Watts are watts are watts. Say that with me, " watts are watts...... " Watts is a measurement of energy dissipation. I.E. the conversion of electricity and current flow into heat. Said another way, watts is the amount of heating power dissipated through a resistive element. A tube amp that is rated for 100 watts is the same as a SS state amp rated for 100 watts, at least in terms of the amount of dissipated power they can produce into acoustic output. Even if by chance the tube amp produces 20 watts more actual watts than that of the SS one, the acoustic output from that 20 watts is negligible ( less than 1db of acoustic gain ).

A 200-watt amplifier does not always produce 200 watts. It produces some number between 0 and 200. If you dime it, sure, it may produce all 200 watts worth of output power. It may produce all 200 watts of output power with the volume knob set at 5 of 10? Without measuring the dissipation, there is no way to know. This is why it is wise to use speakers that are rated to handle the dissipation of your amplifier.

Speakers are resistive elements rated to dissipate X amount of wattage. Guitar speakers are shrouded in a bit of mystery because the rating they use is rather generic vs. that of typical pro audio speakers. Pro audio speakers have three ratings, RMS ( continuous rated power ), Program ( the recommended power amp wattage to use ), and Peak ( the wattage at which the speaker will burn up and die in very short order ). Guitar speakers use a single number. Is it RMS, or is it peak? I tend to believe it is their program rating since most guitar amps will fall right around the typical wattage points a guitar speaker comes in. You don't find too many 12" speakers that come in less than a 25-watt rating.

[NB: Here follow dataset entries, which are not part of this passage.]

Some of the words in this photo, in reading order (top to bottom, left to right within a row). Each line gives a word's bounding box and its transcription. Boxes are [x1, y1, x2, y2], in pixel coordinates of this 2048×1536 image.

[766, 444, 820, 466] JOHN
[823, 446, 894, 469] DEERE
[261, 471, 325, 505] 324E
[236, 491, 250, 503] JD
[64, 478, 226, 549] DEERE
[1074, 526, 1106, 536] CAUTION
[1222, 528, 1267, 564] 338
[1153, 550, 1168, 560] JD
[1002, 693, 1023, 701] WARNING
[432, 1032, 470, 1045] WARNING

If the rating is in fact the program rating, that means a typical 25-watt Greenback is actually able to dissipate up to 50 watts. This gives you a little bit of leeway.

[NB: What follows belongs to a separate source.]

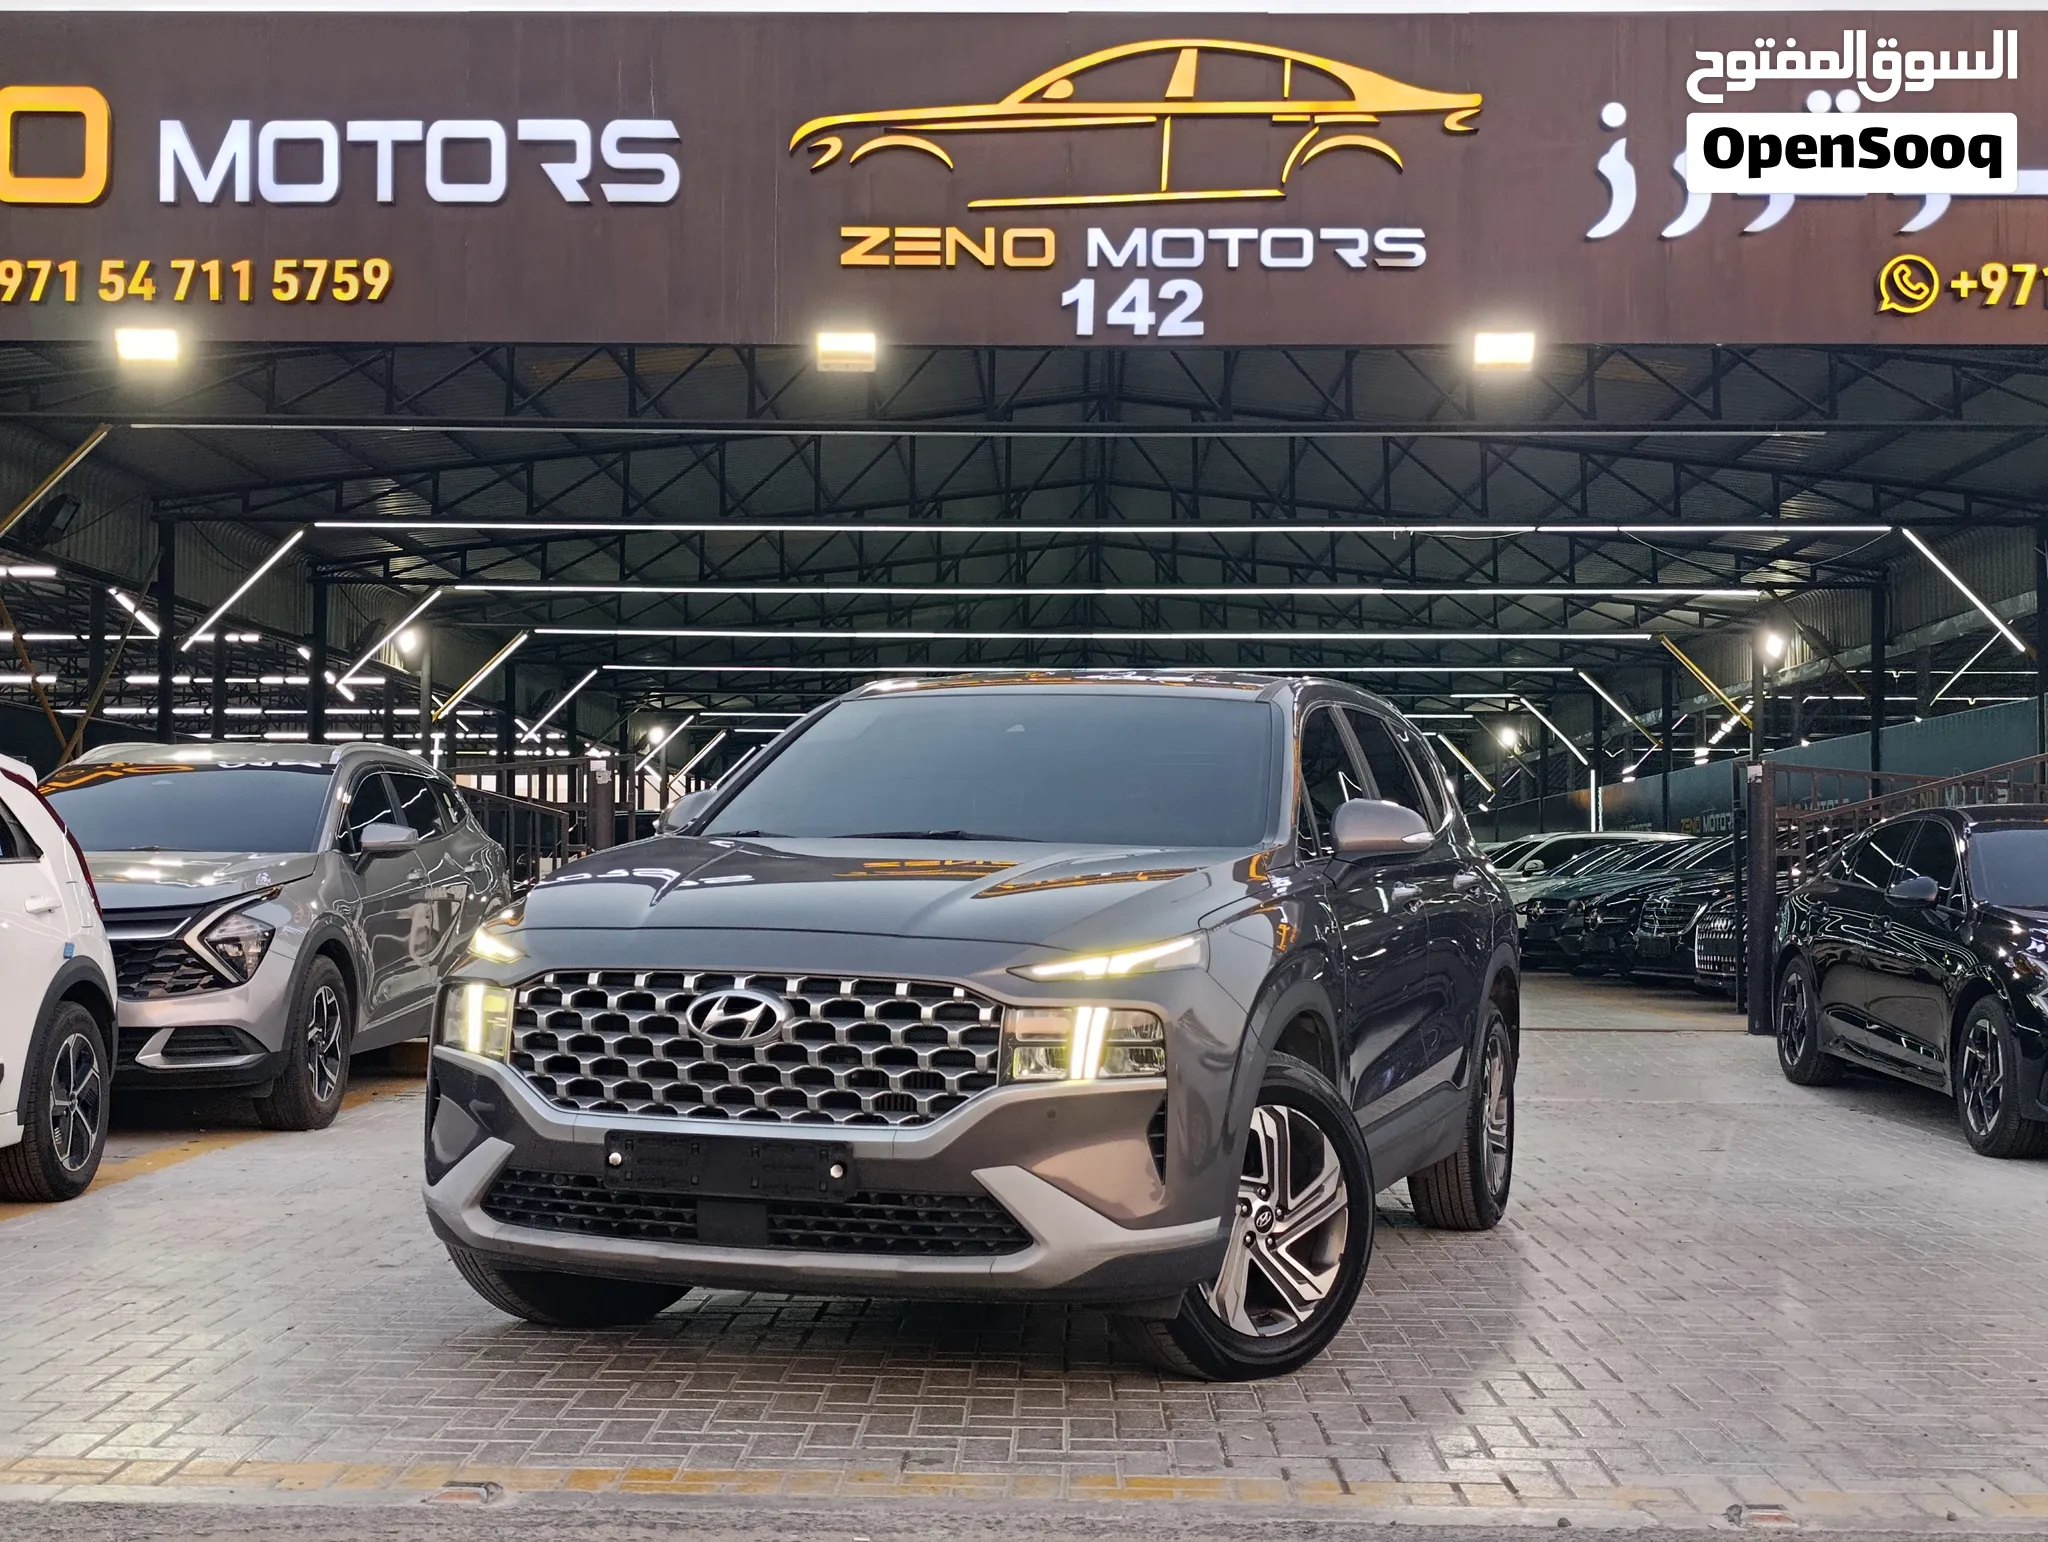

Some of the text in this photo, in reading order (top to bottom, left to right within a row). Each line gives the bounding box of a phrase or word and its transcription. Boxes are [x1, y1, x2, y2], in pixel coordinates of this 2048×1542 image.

[159, 119, 680, 203] MOTORS
[840, 226, 1427, 268] ZENO MOTORS
[0, 258, 391, 302] 971 54 711 5759
[1061, 278, 1204, 337] 142

Lastly is the amount of time a speaker is actually dissipating the power they are provided. Most songs are only 3-4 minutes and then you stop playing for a moment. The dynamics of the song and the brief breaks in between them allow the speaker to cool down. This lengthens the amount of time you can abuse the speaker before it burns up. Unless you are in a DOOM Metal band that plays 14-minute long songs at full volume with zero dynamics, you can generally abuse a guitar speaker quite a bit. I am not saying that you can use 100 watts worth of speakers with a 200-watt amplifier, but that you need to be realistic about how you play, the volume level at which you play, and what risk you are willing to afford.

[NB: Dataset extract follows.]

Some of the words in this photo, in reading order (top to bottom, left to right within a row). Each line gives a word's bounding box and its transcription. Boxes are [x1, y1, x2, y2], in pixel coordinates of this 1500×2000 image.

In the Pro Audio world, we generally ( I say we because I am a sound engineer/technician by trade ) try not to power a speaker with any more than 75% of its peak rated power. 90% of the time, with a properly spec'd system, you don't need to go any higher than the speaker's RMS rating. I.E. the objective is to use the lowest practical amount of power as is required to produce the acoustic output you need.